Flex Verifies Eligibility With SIGIS and Telehealth
The platform handles two core problems for HSA FSA payments at checkout. First, product eligibility. Second, dual-use eligibility, where an item may qualify only if a doctor confirms medical necessity.
Flex Product Verification handles items eligible for everyone. Coverage includes over-the-counter medications, menstrual products, and first aid supplies. Internally, the system interfaces directly with the SIGIS List of eligible products. SIGIS is a non-profit subsidiary of the IRS that maintains the master list of HSA/FSA-eligible goods.
Flex Health Check handles dual-use items. Specifically, the feature uses telehealth to let a licensed healthcare provider determine whether a customer qualifies to designate a purchase as a medical expense, Athletech News reported in early 2025. A Letter of Medical Necessity remains valid for 12 months from issue. As a result, customers can use the same letter across multiple purchases. The system also handles split orders, which are checkout carts that mix eligible and ineligible items, with the qualified line items processed separately.
Why D2C Wellness Brands Now Bake In HSA FSA Payments
For D2C wellness brands, HSA FSA payments solve three problems at once. First, they expand the addressable customer base. Second, they raise average order value because consumers spend more confidently with pre-tax dollars. Third, they reduce cart abandonment because shoppers no longer pay out of pocket and chase reimbursements.
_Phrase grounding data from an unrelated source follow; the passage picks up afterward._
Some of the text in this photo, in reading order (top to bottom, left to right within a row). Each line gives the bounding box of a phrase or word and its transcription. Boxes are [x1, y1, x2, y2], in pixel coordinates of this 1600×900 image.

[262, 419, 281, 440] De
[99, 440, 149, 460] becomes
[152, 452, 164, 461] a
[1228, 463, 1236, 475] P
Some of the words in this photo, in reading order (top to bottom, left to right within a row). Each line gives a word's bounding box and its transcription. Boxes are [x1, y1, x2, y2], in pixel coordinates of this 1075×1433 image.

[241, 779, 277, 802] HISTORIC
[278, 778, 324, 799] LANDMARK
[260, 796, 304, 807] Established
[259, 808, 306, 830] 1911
Until Flex launched, accepting HSA FSA payments online was complex. Substantiating eligibility line-by-line at checkout required significant IT resources. Only very large merchants such as Walmart and Amazon had built their own systems. As a result, smaller merchants could not capitalise on consumer demand for online HSA/FSA spending. Consumers then paid out of pocket and submitted itemised receipts for reimbursement. Frequently, that friction pushed buyers to larger retailers that handled the process automatically.
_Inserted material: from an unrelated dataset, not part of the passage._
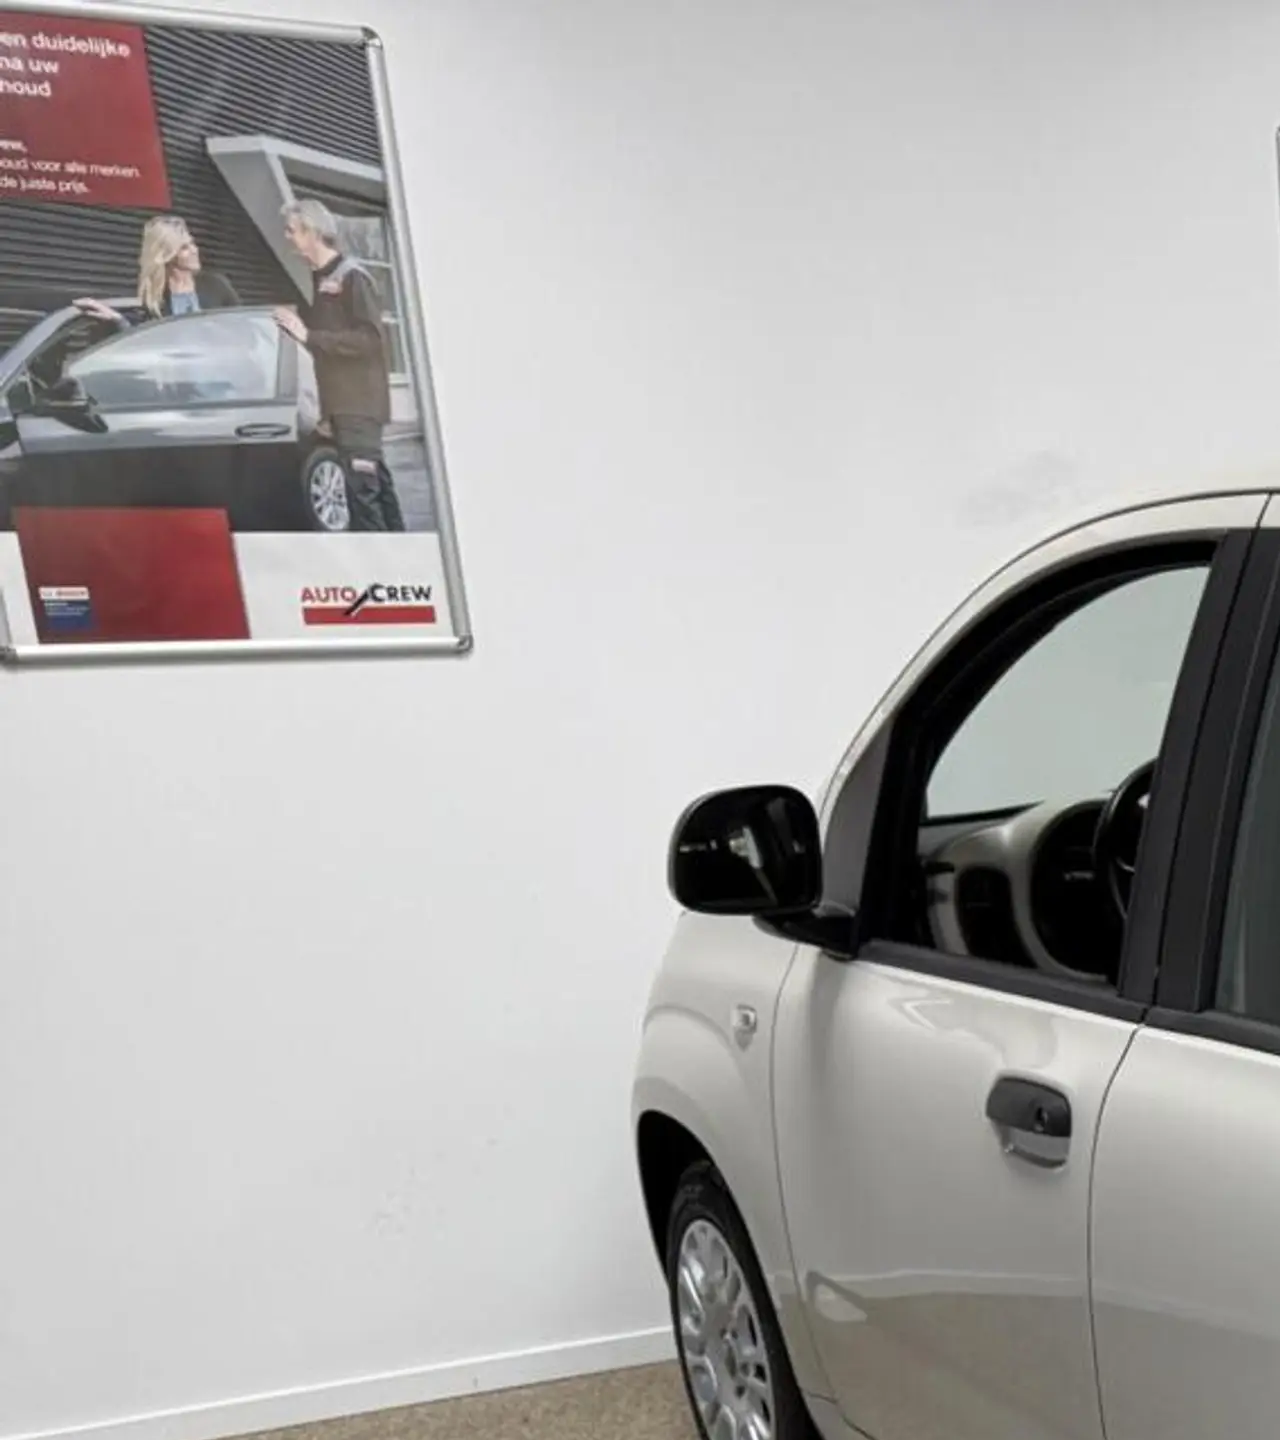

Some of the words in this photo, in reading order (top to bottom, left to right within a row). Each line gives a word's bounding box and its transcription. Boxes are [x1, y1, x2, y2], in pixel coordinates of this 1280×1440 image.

[31, 31, 131, 58] duidelijke
[28, 58, 59, 73] uw
[31, 160, 61, 172] voor
[64, 160, 87, 175] alle
Today, Flex competes with a growing field of HSA/FSA enablement startups. Truemed, Sika Health, and Paytient cover overlapping use cases. For context on adjacent payment rail competition, our coverage of B2B Buy Now Pay Later versus trade credit examines a parallel battle in non-card payment rails. Meanwhile, our breakdown of expense management workflow design flaws covers adjacent compliance themes that also apply to HSA FSA payments processing.
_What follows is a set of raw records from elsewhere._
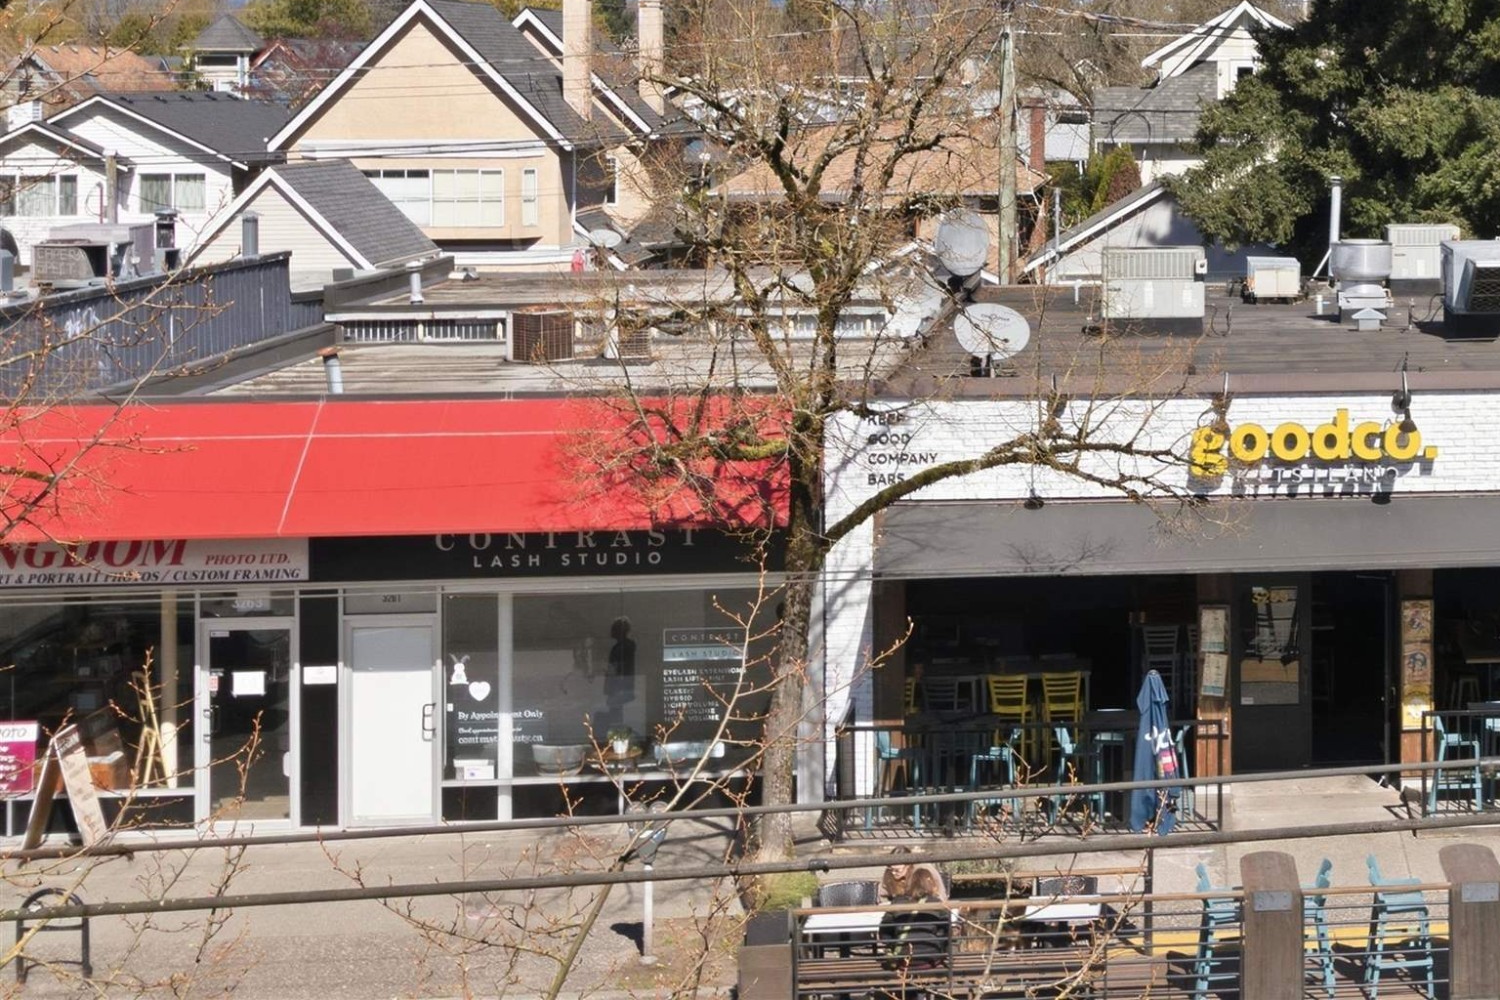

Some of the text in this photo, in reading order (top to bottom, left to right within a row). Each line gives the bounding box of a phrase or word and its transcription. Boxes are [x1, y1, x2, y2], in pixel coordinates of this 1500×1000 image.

[868, 433, 911, 445] GOOD
[1189, 408, 1439, 477] goodco.
[868, 452, 938, 465] COMPANY
[434, 528, 699, 551] CONTRAST
[204, 553, 257, 565] PHOTO
[259, 552, 291, 565] LTD.
[473, 551, 662, 568] LASH STUDIO
[27, 571, 101, 584] PORTRAIT
[103, 570, 160, 583] PHOS
[173, 569, 233, 582] CUSTOM
[234, 568, 300, 581] FRAMING
The Flex story sits inside a broader shift in consumer healthcare spending. Increasingly, more health spending happens outside the doctor’s office through D2C products. As a result, the rails are becoming infrastructure rather than feature. The five wins for D2C wellness brands trace back to one structural advantage: a payment method consumers were going to use anyway, now finally available at checkout.